AppDynamicsDelimiter /
CODE

Note that #’ cannot be used as a delimiter as the configuration file cannot process it.

    • AppDynamicsSegment: Specify a comma-separated list to indicate the segments that you want the agent to filter. Segment numbering starts from 1. If you specify 0 or negative values, the agent fails to redact the segments. This attribute is REQUIRED.

For example:

AppDynamicsSegment 2,3
CODE
  • AppDynamicsMatchfilterThe type of filter to be used to match the URL amongst the following: NOT_EMPTY|EQUALS|STARTSWITH|ENDSWITH|CONTAINS|REGEX. Default is NOT_EMPTY, but REQUIRED.

For using this correctly, query parameters should not be considered for match-filtering. With an example of the call "https://myapp.example.com/sensitive/data?first_name=abc&last_name=xyz", to specify match-filter as STARTSWITH, it matches a specified string starting with the hostname “myapp.example.com” in this case. Similarly for ENDSWITH, it will correspond to the last segment leaving out the query parameters, “data” in this case, as query parameters are never reported in the snapshots.

For example:

AppDynamicsMatchfilter CONTAINS
CODE
  • AppDynamicsMatchpatternSpecify the string that you want to be filtered with the match-filter. This attribute is REQUIRED.

For example:

AppDynamicsMatchpattern one
CODE

For example, the following configuration splits the URL on the "/" character and masks the third and fifth segments of the URL. In this case, the segmentation and obfuscation apply only to URLs containing "myapp":

AppDynamicsDelimiter /
AppDynamicsSegment 3,5
AppDynamicsMatchfilter CONTAINS
AppDynamicsMatchpattern myapp
CODE

The exit call to "https://myapp.example.com/customer/customerid/account/accountid/data?first_name=abc&last_name=xyz" breaks down to six segments: "https://myapp.example.com", "customer", "customerid", “account”, “accountid” and "data?first_name=abc&last_name=xyz". The Controller shows the masked values of the URL: “ /customer/*****/account/*****/data” in the snapshot details. "https://myapp.example.com" corresponds to segment number 1 and so on.

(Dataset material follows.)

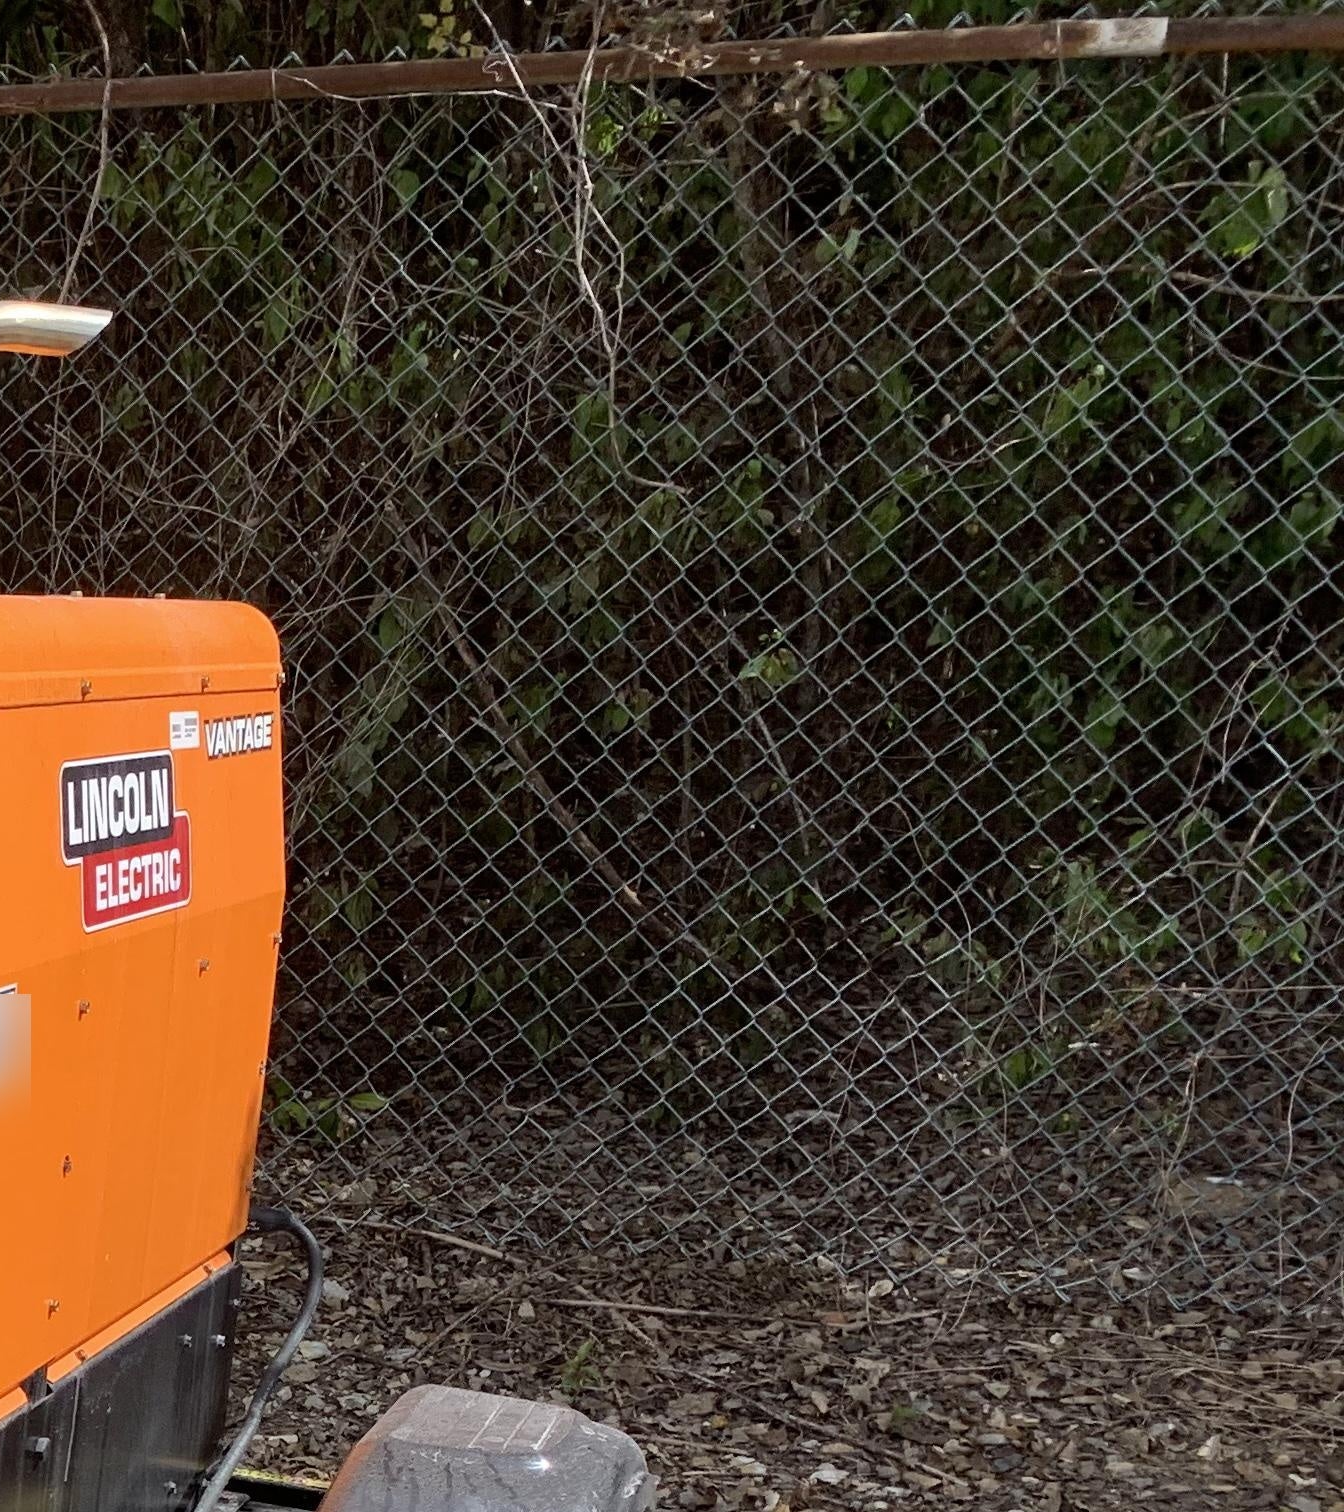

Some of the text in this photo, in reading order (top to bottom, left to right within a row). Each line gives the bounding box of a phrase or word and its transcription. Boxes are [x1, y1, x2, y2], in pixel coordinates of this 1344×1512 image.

[204, 713, 274, 759] VANTAGE
[67, 768, 170, 846] LINCOLN
[95, 848, 181, 912] ELECTRIC

As the query parameters are never sent to the controller, so they are not filtered. In the transaction snapshots, the URLs are sent by default without the query parameters but now after masking the corresponding URL segments.

Filter Multiple URLs

Due to the limitations of the Apache configurations, if you want to filter multiple URLs separately, the arguments need to be written with '|' separated as described below:

AppDynamicsDelimiter /|/
AppDynamicsSegment 1,2,3|1,4
AppDynamicsMatchfilter CONTAINS|ENDSWITH
AppDynamicsMatchpattern One|.php
CODE

Each ‘|’ separated values correspond to an additional URL filter added. For ‘n’ number of separate URL filters, you need to have ‘n’ different ‘I’ configurations correspondingly. These filters behave independently on the URLs and will filter based on the configurations specified for each filter.

You must define all the configuration settings, though the configurations assume the default values. If you miss defining a particular setting in case of multiple filtering, the filtering fails.